Automne 2024. À Pékin, la comédienne Anaïs Clément vient de recevoir sa confirmation de tournage. Dans moins de 24 heures, une voiture viendra la chercher pour l’emmener sur son lieu de tournage. Cette Parisienne va jouer le rôle d’une riche grand-mère vivant aux États-Unis. Le résultat final sera entièrement tourné en anglais dans un format vidéo « vertical » de 2 minutes et entièrement adapté aux écrans de smartphones.

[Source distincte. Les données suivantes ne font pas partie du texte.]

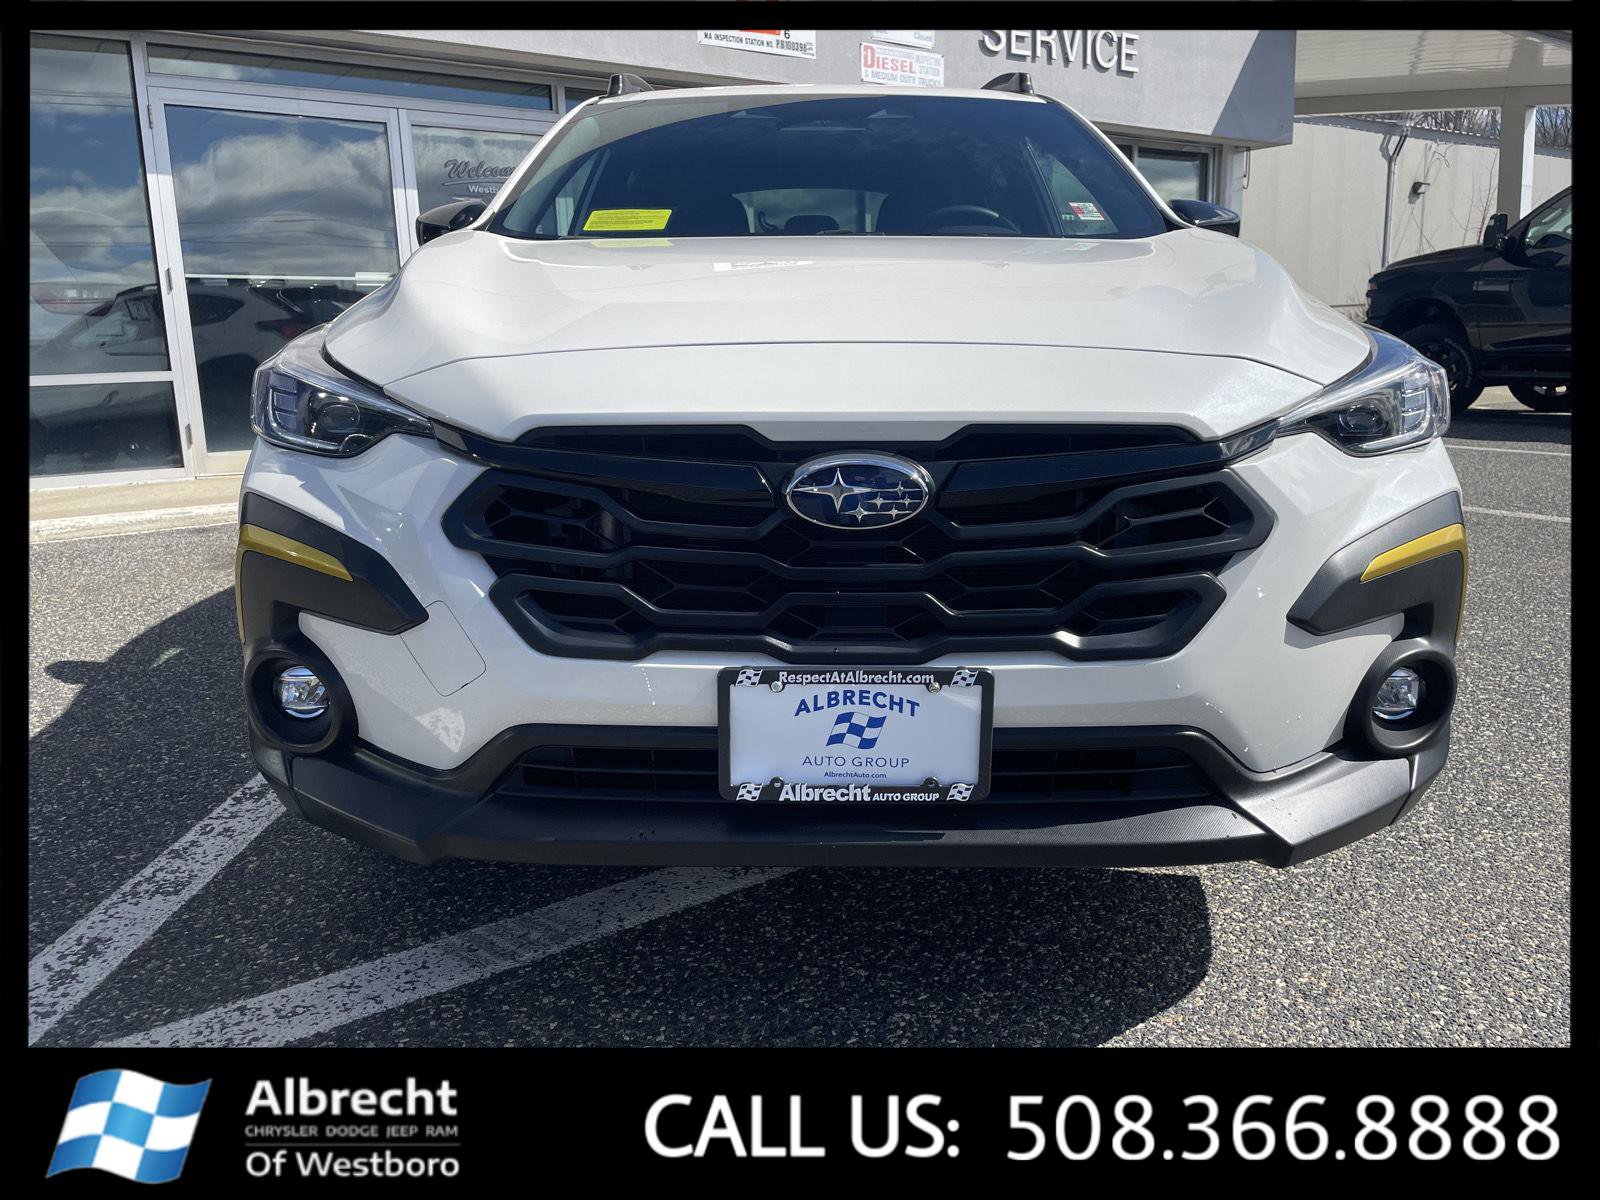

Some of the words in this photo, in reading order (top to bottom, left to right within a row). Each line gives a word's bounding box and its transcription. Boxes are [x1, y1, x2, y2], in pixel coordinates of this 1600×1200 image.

[704, 32, 713, 40] MA
[714, 34, 744, 44] INSPECTION
[745, 39, 765, 47] STATION
[863, 44, 917, 74] DIESEL
[982, 30, 1140, 73] SERVICE
[871, 70, 898, 82] MEDIUM
[444, 158, 516, 179] Welcom
[779, 670, 934, 685] RespectAtAlbrecht.com
[794, 689, 920, 717] ALBRECHT
[802, 755, 846, 767] AUTO
[852, 756, 909, 769] GROUP
[823, 771, 887, 779] AlbrechtAuto.com
[778, 785, 871, 802] Albrecht
[873, 792, 902, 801] AUTO
[902, 792, 940, 802] GROUP
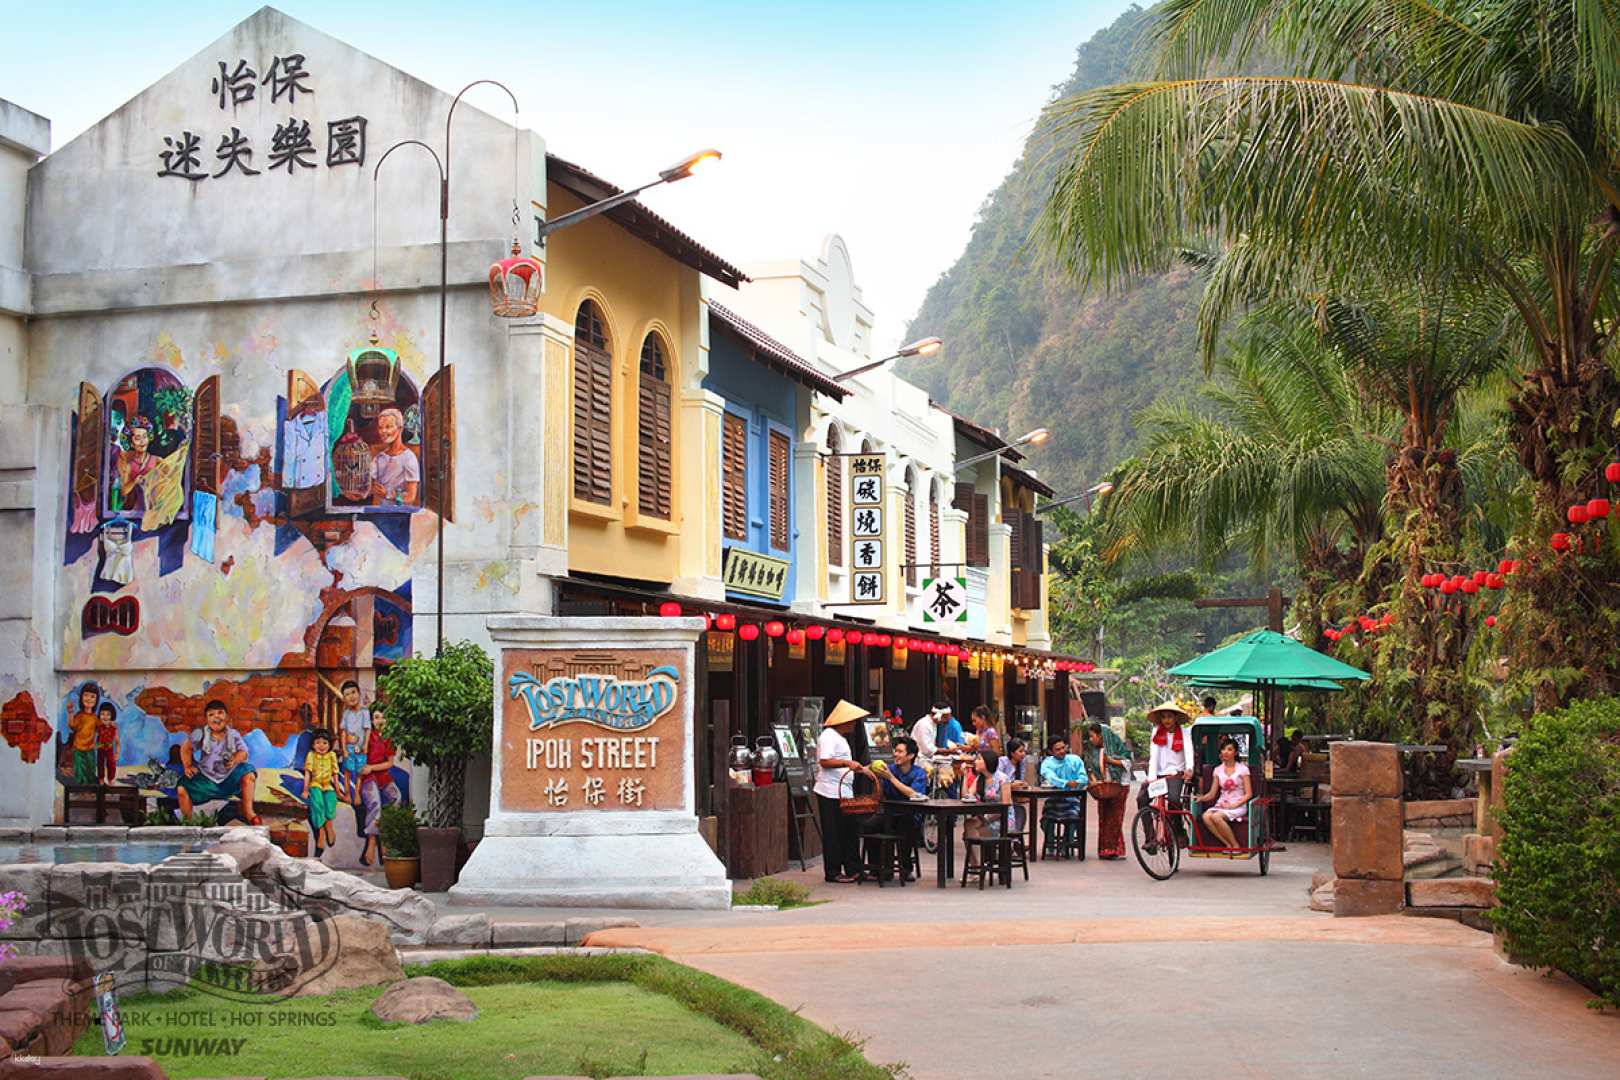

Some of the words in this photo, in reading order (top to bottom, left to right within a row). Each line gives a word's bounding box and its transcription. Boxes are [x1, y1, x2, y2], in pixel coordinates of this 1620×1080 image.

[211, 53, 315, 110] 怡保
[157, 115, 368, 181] 迷失樂園
[852, 458, 882, 473] 怡保
[930, 581, 961, 618] 茶
[526, 738, 572, 769] IPOH
[581, 736, 660, 769] STREET
[543, 775, 646, 807] 怡保街
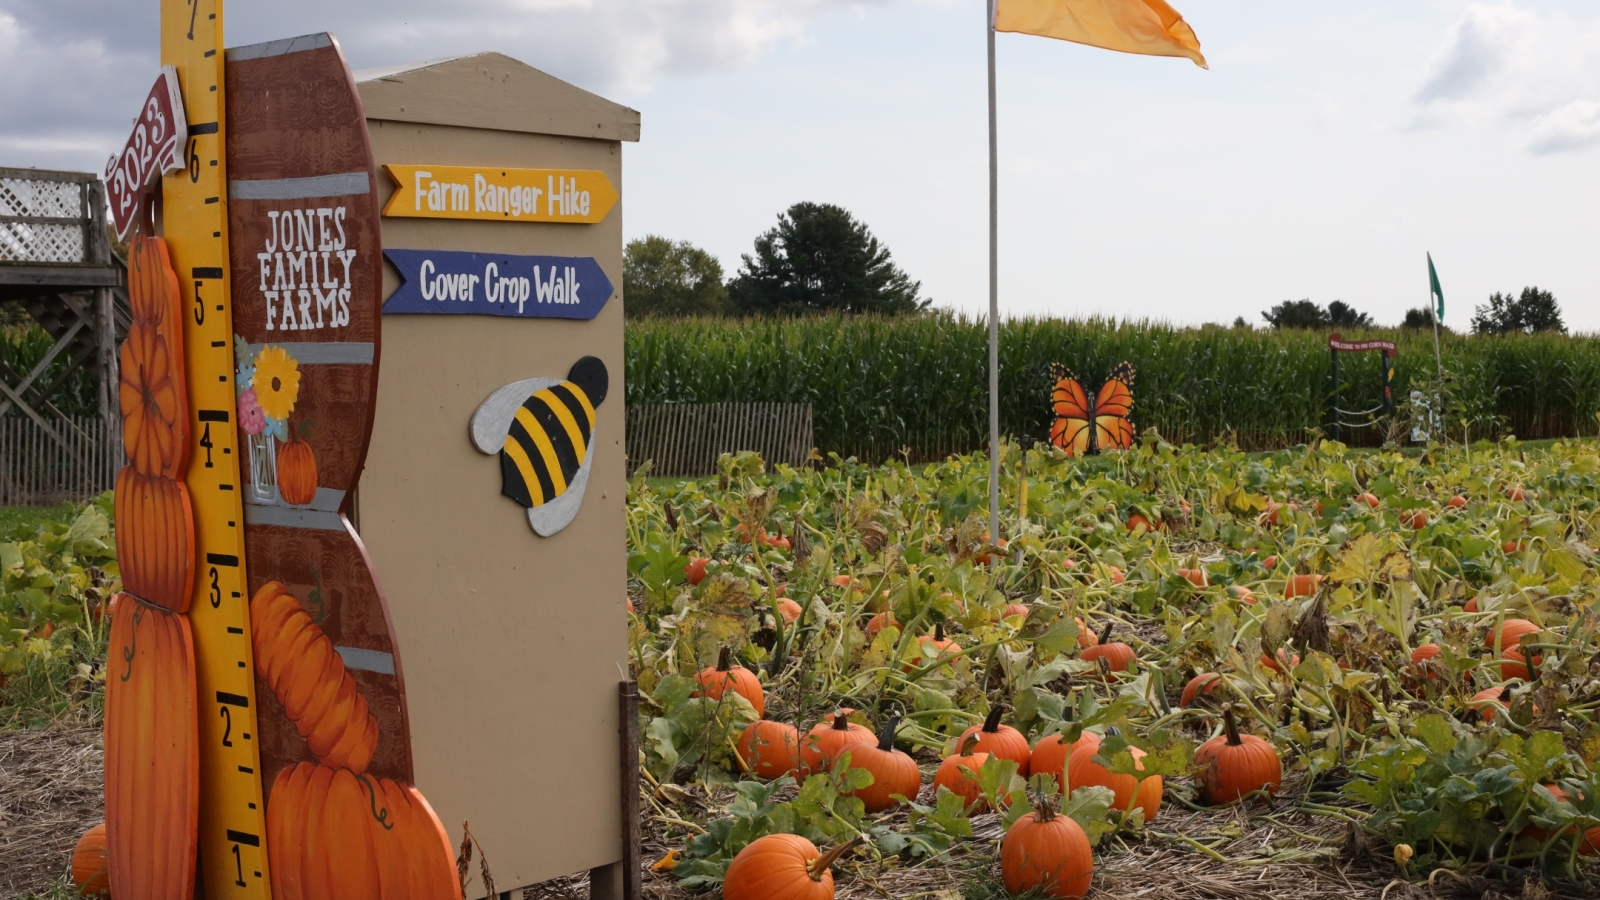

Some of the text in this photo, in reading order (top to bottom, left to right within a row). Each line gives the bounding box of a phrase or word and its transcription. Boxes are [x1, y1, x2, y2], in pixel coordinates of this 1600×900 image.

Les pratiques du grand public sur Internet évoluent. En 2010, YouTube pouvait se targuer d’attirer plus de 500 millions d’internautes. Alors que les tentatives de créer des applications concurrentes échouèrent, il a fallu attendre 2016 et le lancement de vidéos en format vertical, dit « 9:16 », sur Snapchat, pour observer de premiers changements dans l’écosystème des vidéos en ligne. Parallèlement, en Chine, l'entreprise ByteDance lançait son application Douyin, entièrement dédiée aux vidéos courtes sur mobile. En 2017, elle a créé TikTok, sa version internationale, qui compte à ce jour plus d’un milliard d’utilisateurs mensuels.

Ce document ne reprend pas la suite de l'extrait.